# Antler trap



## waiting4fall (Sep 20, 2007)

Old coiled mattress frame. Lay it flat throw corn into it, works like a charm.


----------



## riverpilot69 (Sep 12, 2004)

5 gal. bucket, and some rebar. Put corn in the bucket, and drive the rebar in the ground around the bucket. I use 4 pieces. Leave enough space between the steel for a deer to get his neck between them when he eats. Antlers will hit the rebar on the opposite side of where he is eating. The rebar will also keep your bucket in place. I am sure there are better designs out there, but this one works well. There is even a guy on ebay who sells these. Go on ebay and do a search on "Antlers" and you will see his design.


----------



## cet (Apr 10, 2006)

waiting4fall said:


> Old coiled mattress frame. Lay it flat throw corn into it, works like a charm.


Be very careful not to use traps that bucks could get entangled in and injure themselves. 

I think they are a bad idea, let the antlers drop naturally when they are ready.


----------



## WHITETAIL1000 (Apr 15, 2008)

just throw some corn under your picnic table work great.


----------



## riverpilot69 (Sep 12, 2004)

cet said:


> Be very careful not to use traps that bucks could get entangled in and injure themselves.
> 
> I think they are a bad idea, let the antlers drop naturally when they are ready.


Yes you could do it this way. I have actually watched deer at my station, and they have had no problems with getting tangled up in it. I have even watched a buck drop both of his antlers while eating at my station. I mentioned earlier in my post that I used 4 pieces of steel. I was mistaken, I use three in the ground in a triangular placement. If I ever see a deer having problems around this setup I will take it down. 8 years without a problem. There is nothing to get tangled up in. They lift their head up vertically, and there is nothing running horizontally to give them any problems.


----------



## DUCKORBLEED (Dec 17, 2008)

Some wire, 2 T-posts and a 8 foot section of panel fence find a small tree bend fence around trunk in the middle of the fence drive your t-posts out from the tree a couple feet apart wire the fence up throw feed at the base of the tree. Good Luck


----------



## Schmucky (Feb 18, 2005)

I made a small feeder out of plywood and 4x4's that i had laying around. Put a small roof over the top of it and in Feb.
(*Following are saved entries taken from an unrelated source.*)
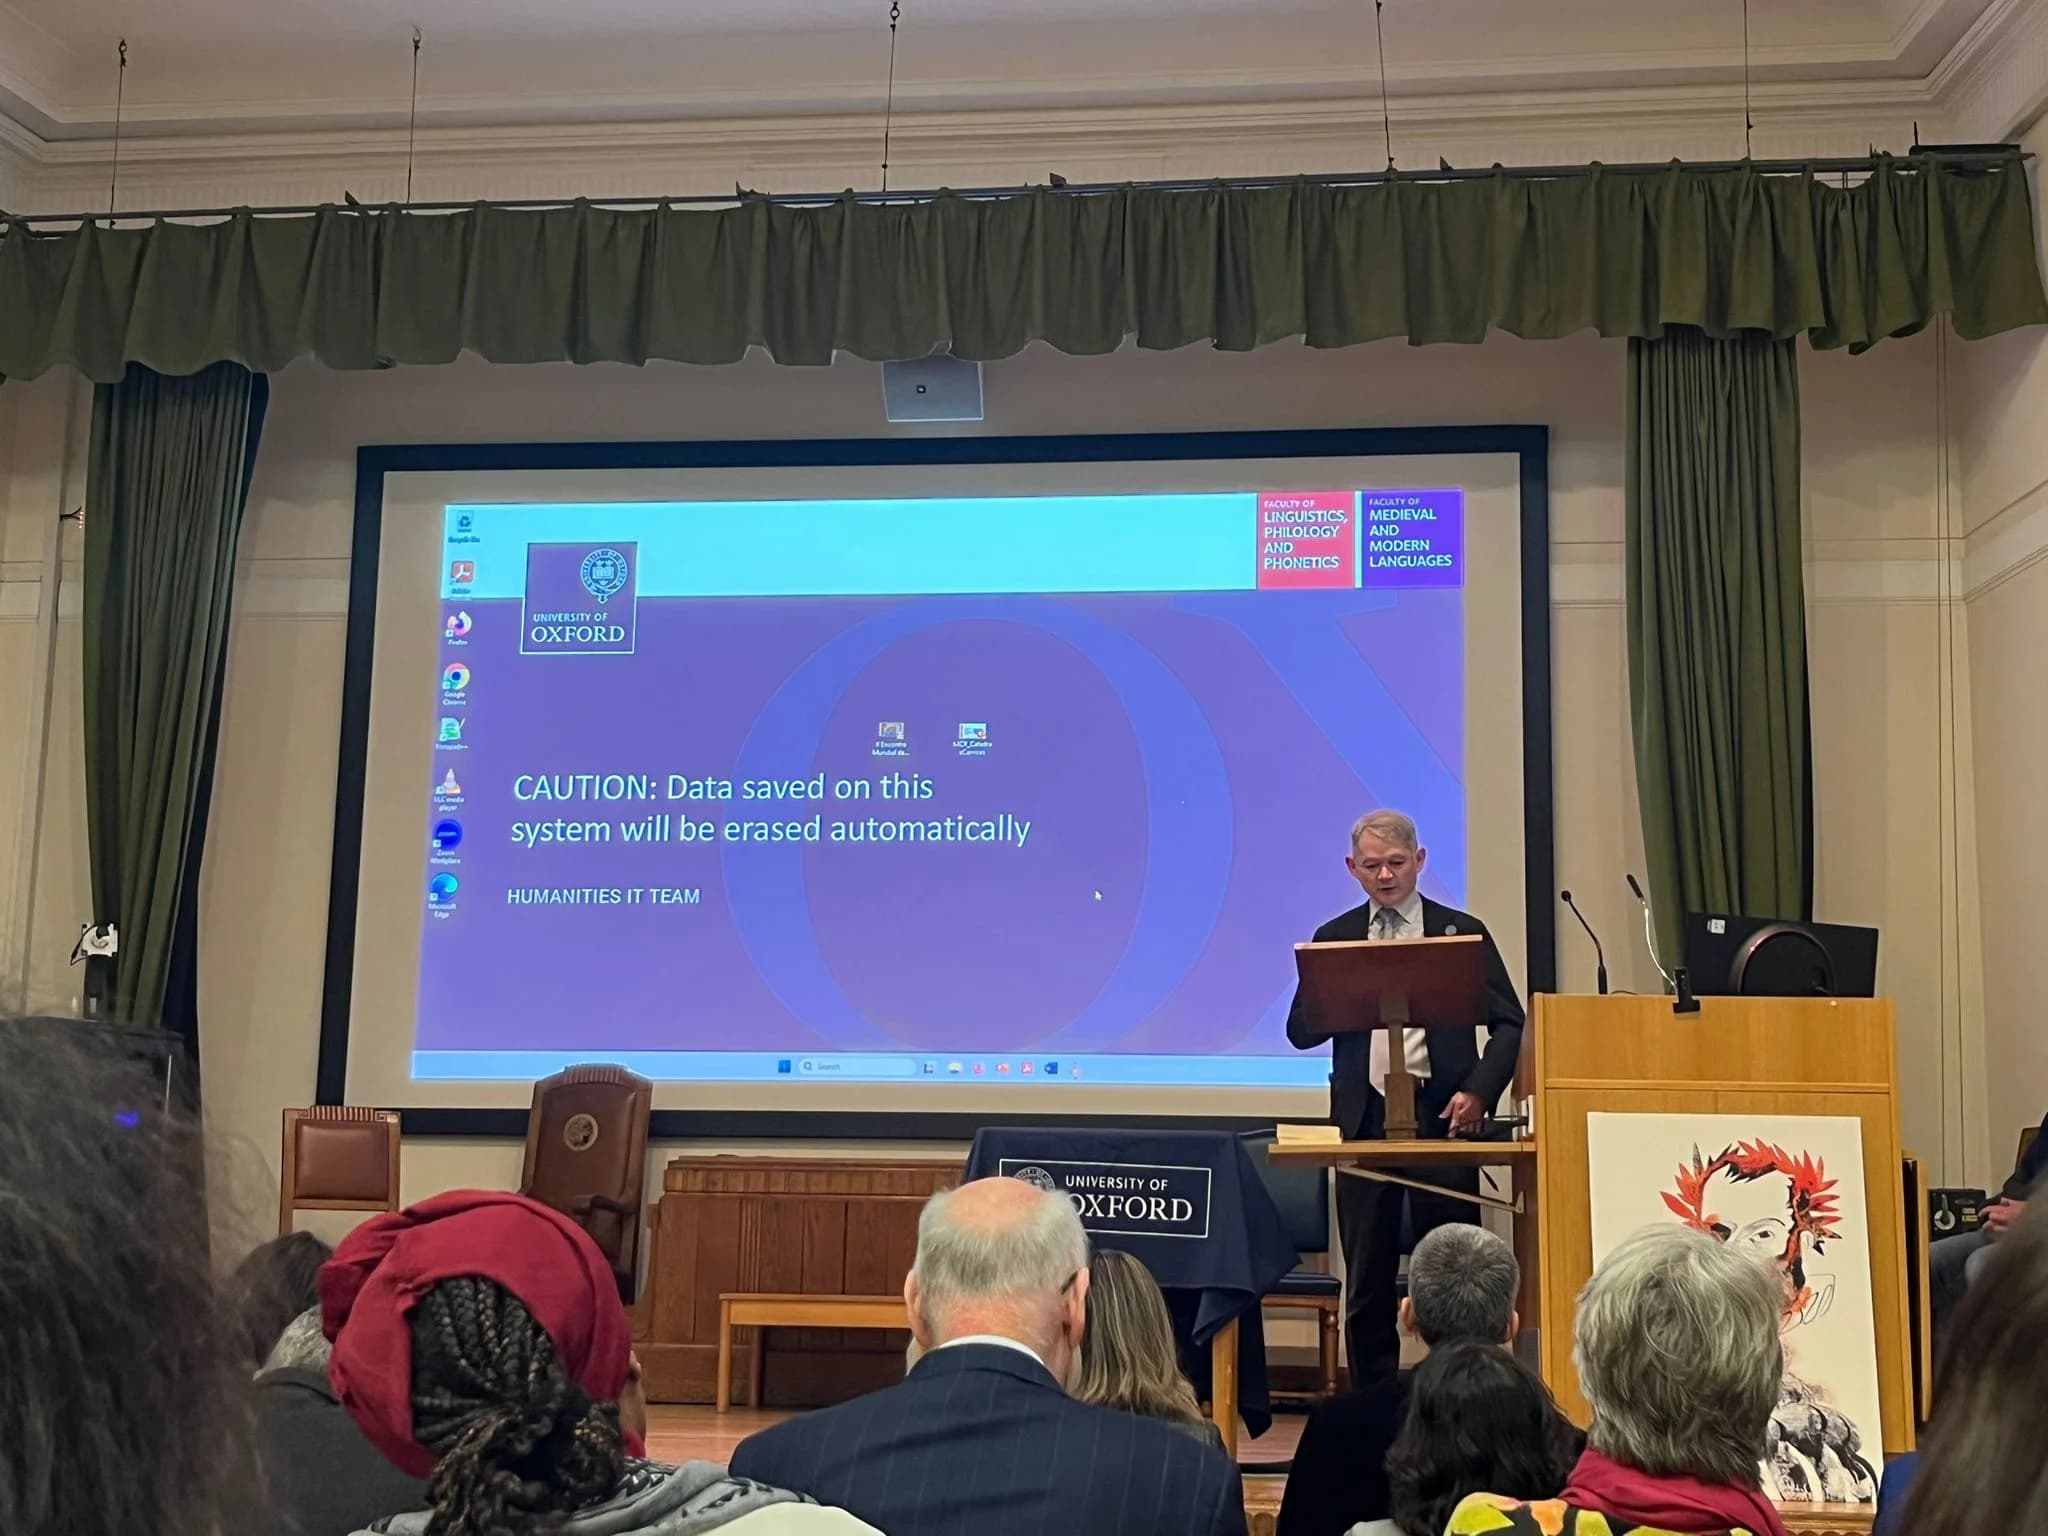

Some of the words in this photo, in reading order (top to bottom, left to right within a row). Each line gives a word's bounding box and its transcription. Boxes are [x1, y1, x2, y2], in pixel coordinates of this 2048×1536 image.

[1264, 500, 1300, 508] FACULTY
[1302, 499, 1315, 508] OF
[1369, 498, 1406, 506] FACULTY
[1408, 498, 1420, 506] OF
[1264, 510, 1348, 524] LINGUISTICS,
[1369, 508, 1437, 521] MEDIEVAL
[1264, 526, 1340, 539] PHILOLOGY
[1369, 525, 1400, 537] AND
[1264, 542, 1294, 554] AND
[1369, 539, 1430, 552] MODERN
[1264, 556, 1340, 570] PHONETICS
[1369, 554, 1452, 568] LANGUAGES
[533, 613, 591, 622] UNIVERSITY
[594, 613, 608, 622] OF
[531, 626, 625, 643] OXFORD
[514, 774, 657, 800] CAUTION:
[668, 774, 733, 800] Data
[742, 772, 825, 800] saved
[835, 779, 870, 799] on
[880, 772, 933, 799] this
[511, 818, 611, 848] system
[620, 814, 670, 841] will
[680, 814, 714, 841] be
[724, 814, 821, 841] erased
[830, 814, 1031, 848] automatically
[507, 888, 622, 904] HUMANITIES
[627, 888, 644, 904] IT
[650, 888, 700, 904] TEAM
[1065, 1175, 1145, 1190] UNIVERSITY
[1150, 1178, 1169, 1191] OF
I attach bungee cords from the roof to the bin of food to collect the antlers.


================ Roof
[ { } ]
[ { } ] [ = 4x4's
[ { } ] { = Bungee Cords on Both sides
============
==== Bin=====
============
l l
l l Leg's
=== ===

Feeder is free standing and holds roughly 50 lbs. of feed.
Also it is very mobile.
Before the season i clean it out and store it in the woods until after the season.


----------



## Schmucky (Feb 18, 2005)

Sorry diagram got messed up.


----------



## Extreme vft17 (Mar 29, 2007)

*Can you try again*



Schmucky said:


> Sorry diagram got messed up.


I would like to see it

Thanks


----------



## holepuncher (Jan 3, 2005)

cet said:


> Be very careful not to use traps that bucks could get entangled in and injure themselves.
> 
> I think they are a bad idea, let the antlers drop naturally when they are ready.


Have seen bad things come from using them. If you do check them constantly, deer will die if stressed for too long.


----------



## riverpilot69 (Sep 12, 2004)

holepuncher said:


> Have seen bad things come from using them. If you do check them constantly, deer will die if stressed for too long.
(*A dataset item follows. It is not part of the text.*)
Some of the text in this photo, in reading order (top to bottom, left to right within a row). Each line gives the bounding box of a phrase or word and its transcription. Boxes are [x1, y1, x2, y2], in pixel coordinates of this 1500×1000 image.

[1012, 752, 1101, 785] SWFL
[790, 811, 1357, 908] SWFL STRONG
 Like I said. use only vertical structures. If you put vertical, and horizontal together, you are asking for trouble. The vertical steel will work alone, and will not give the deer anything to be entangled in. The deer's antlers will utilize the opposite side VERTICAL steel, and if his antlers are loose enough, they will fall off. If not, he gets some of your corn, and walks away unharmed. He knows where your corn is, and will come back when his antlers are ready to drop. He drops them somewhere else, oh well. Never put anything up that has a chance to entangle his antlers. His antlers are not ready to drop, then you have a problem.


----------



## dwagoner (Sep 27, 2007)

holepuncher said:


> Have seen bad things come from using them. If you do check them constantly, deer will die if stressed for too long.
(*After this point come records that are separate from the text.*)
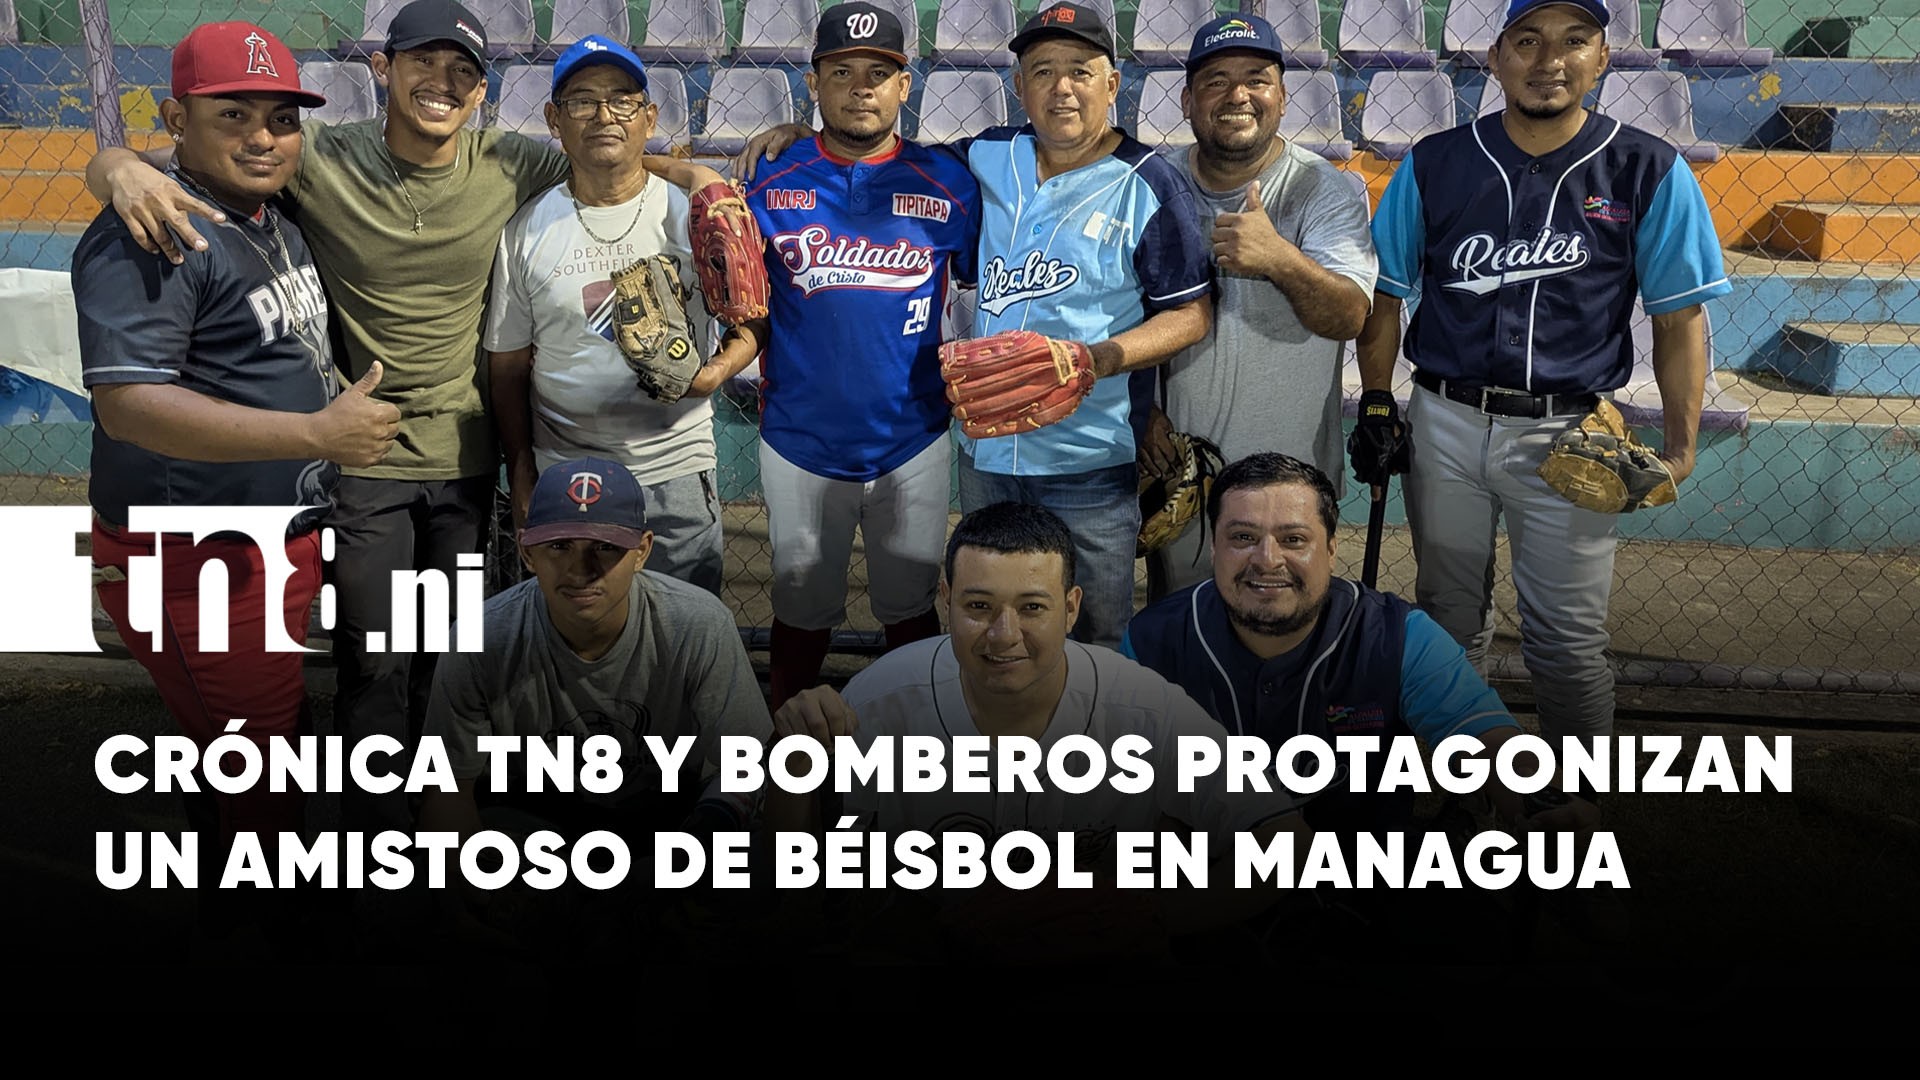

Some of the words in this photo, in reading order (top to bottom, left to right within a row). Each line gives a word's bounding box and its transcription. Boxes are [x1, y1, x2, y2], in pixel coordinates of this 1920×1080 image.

[1204, 27, 1257, 47] Electrolit
[245, 32, 279, 78] A
[766, 189, 817, 211] IMRJ
[894, 194, 948, 221] TIPITAPA
[573, 243, 635, 260] DEXTER
[774, 226, 933, 275] Soldados
[1450, 229, 1585, 282] Reales
[553, 258, 635, 278] SOUTHFIE
[808, 275, 824, 289] de
[827, 271, 866, 285] Cristo
[982, 250, 1068, 303] Reales
[902, 297, 932, 335] 29
PLUS if you make some sort of thing like this and it actually hurts or kills an animal and you get caught your in for some trouble. something simple like under a picnic table is tolerable but a mattress that could get stuck to them !!! let them fall and have fun shed hunting with family or friends!!


----------



## Trailcam Addict (Feb 6, 2008)

*No wire*

I do not use any form of wire! I secure two fence posts adjacent to eachother on to a five gal bucket, then secure two more 90 deg. away from both of these. Then wrap one bungee cord around around the whole works!


----------



## bowhuntnac (Oct 21, 2006)

I took 12' of fencing and 5 "T" posts and form a "w" about 6' long. I take a sapling and run throught the fencing "horizonaly" about 2' about the ground and about half the distance from the front to back. you will have 3 "V" shaped areas to place your feed


----------



## jason17 (May 12, 2006)

*no luck*

This is what i tried, with no luck.


----------



## goat 834 (Sep 18, 2005)

2 square bales spaced about a foot apart with feed in between. Noting to get caught or injured in.


----------



## inspect360 (Nov 7, 2008)

WHITETAIL1000 said:


> just throw some corn under your picnic table work great.


i don't have a picnic table. i will think of something lol


----------



## k'em-n-g'em (Feb 10, 2007)

jason17 said:


> This is what i tried, with no luck.


man that looks like it would work...


----------



## knute1 (Aug 1, 2007)

*check state regs first*

I do not know about your states, but in Minnesota such a contraption is illegal to have up. 

http://www.archerytalk.com/vb/showthread.php?t=625585&highlight=knute

Look at this thread a ways down, post #10 I think.


----------



## jwolfe78 (Mar 10, 2006)

waiting4fall said:


> Old coiled mattress frame. Lay it flat throw corn into it, works like a charm.



I'd rather have my bucks live to see another year...


----------



## thrill_seeker (Feb 2, 2008)

waiting4fall said:


> Old coiled mattress frame. Lay it flat throw corn into it, works like a charm.


Works like a charm to catch turkeys so I'm told also although the turkey flocks seem big enough to do that to i dont want to mess around with fines for game wardens


----------



## rand_98201 (Sep 24, 2008)

i never even knew you could do any of this stuff for sheds.though i have always wondered why there always seems to be the same few guys who get them every year.those cheating *******s.we will see what happens this year.if my complete bitterness is noticable im sorry its just annoying listening to this gu


----------



## bengalbrother (Dec 17, 2007)

*If you have a fence, you have an antler trap*

just pour corn along the fence. theyll hit their antlers on it and POP off they go:darkbeer:


----------